Ein Blick in die neuen bunten Räume von Schreib- und Spielwaren Reitmeier

Viel Platz und viel Licht gibt es in den neuen Räumen, in die der Reitmeier bald umziehen wird. „Langsam füllt sich alles“, stellt Pächterin Carina Weihrauch mit einem Blick auf die bereits aufgebauten Regale zufrieden fest.
Für sie war die Entscheidung zunächst keine leichte gewesen, mit demTraditionsgeschäft den Marktplatz 7zu verlassen und in die Räume der ehemaligen Commerzbank zu ziehen. Doch auch wenn anfangs ein bisschen Wehmut mitgeschwungen ist: Beim Blick auf die Flächen, auf denen bald Schreib- und Spielwaren präsentiert werden können, ist sie überzeugt, dass das neue Kapital für sie, ihre Mitarbeiter und nicht zuletzt ihre Kunden ein gutes ist.
Barrierefreier Eingang
Am Freitag werden Außenbeschilderung und -Beleuchtung angebracht und die Möbel für die Postfiliale geliefert, die ebenso wie die Lotto-Annahmestelle und die Reinigung mit umzieht. Auch wenn momentan noch vieles in Kartons verpackt ist, kann man sich schon gut vorstellen, wie der neue Laden bald aussehen wird: „Er wird um einiges größer, heller und moderner“, fasst Carina Weihrauch es zusammen. Besonders wichtig war ihr auch ein barrierefreier Eingang.
Post-, Lotto- und Kassenbereich werden in L-Form bei der großen Glasfassade Platz finden. Daneben stehen schon jetzt einige der neuen Regale für den großen Schreibwarenbereich. Linkerhand vom Eingangsbereich hatte sich der Raum mit den Geldautomaten befunden.
Umbau durch Firmen aus Rötz
An dieser Stelle ist eine Innenwand eingerissen worden, um den Bereich für die Spielwaren zu vergrößern. Die Umbauarbeiten haben Anfang Dezember begonnen, und „zum Glück ist alles relativ schnell gegangen“, sagt Carina Weihrauch. Vor allem dank der hiesigen Handwerker, die sämtliche Umbauarbeiten, von Trockenbau- über Malerarbeiten sowie Fliesen- und Teppichverlegen übernommen haben.
Die nagelneuen Regale werden von den Lieferantenfirmen gestellt – was den Vorteil hat, dass am Umzugstag selbst – einem Samstagnachmittag – nur die Ware im Geschäft am Marktplatz aus- und in der Böhmerstraße in die Regale eingeräumt werden muss.

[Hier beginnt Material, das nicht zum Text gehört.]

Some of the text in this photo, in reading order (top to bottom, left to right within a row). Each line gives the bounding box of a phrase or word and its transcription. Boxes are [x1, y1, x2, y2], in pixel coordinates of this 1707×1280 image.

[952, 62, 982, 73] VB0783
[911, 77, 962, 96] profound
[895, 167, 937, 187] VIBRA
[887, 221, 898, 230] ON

Am Freitag, 10. und am Samstag, 11. Februar wird die Elektronik für die Post abgebaut. An diesen beiden Tagen kann deshalb keine Post angenommen werden. Lotto sowie Schreib- und Spielwaren bleiben aber regulär offen.
Am Montag, 13. Februar, ist es dann so weit: Der Reitmeier öffnet seine großen, weißen Türen in der Böhmerstraße. An den Öffnungszeiten ändert sich nichts. Als „Willkommensgeschenk“ wird es eine Woche lang 15 Prozent auf Spiel- und Schreibwaren in der Rötzer Filiale geben, so die Pächterin. „Man merkt schon, dass die Leute gespannt sind“, sagt sie und schmunzelt. Mit dem Traditionsgeschäft aus Rötz wegzugehen, sei für sie keine Option gewesen. Auch über die neue Adresse freut sie sich: Böhmerstraße 1 in Rötz. „Die der Reitmeier-Filiale in Waldmünchen ist die Böhmerstraße 3“ – bestimmt ein gutes Vorzeichen für den Umzug.

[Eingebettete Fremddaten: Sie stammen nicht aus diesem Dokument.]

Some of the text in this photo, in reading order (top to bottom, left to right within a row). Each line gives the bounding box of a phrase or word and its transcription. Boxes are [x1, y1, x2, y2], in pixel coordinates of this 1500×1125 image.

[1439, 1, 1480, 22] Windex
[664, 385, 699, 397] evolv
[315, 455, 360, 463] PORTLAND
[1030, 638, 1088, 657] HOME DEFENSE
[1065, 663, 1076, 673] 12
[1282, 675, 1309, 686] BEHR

Der Reitmeier: Ein Geschäft mit langer Geschichte
Geschichte:„Der Reitmeier“ – das ist in Rötz seit den 50er-Jahren ein Begriff. Hier eröffnete der Vater von Heinrich Reitmeier in der Schergenstraße sein erstes Geschäft, das dieser erfolgreich ausbaute. Er erwarb ein altes Bürgerhaus am Marktplatz und baute hier ein gut frequentiertes Kaufhaus. Vergangenen Sommer wurde das Gebäude von Stefan Zisler erworben.
Sortiment:Der Schwerpunkt des Rötzer Traditionsgeschäfts, das Pächterin Carina Weihrauch ebenso wie die Waldmünchner Filiale 2012 übernommen hat, liegt auf Schreib- und Spielwaren. Auch die Lotto-Annahmestelle, die Postfiliale und die Reinigung werden in Kürze vom Marktplatz in die neuen Räume in der Böhmerstraße umziehen.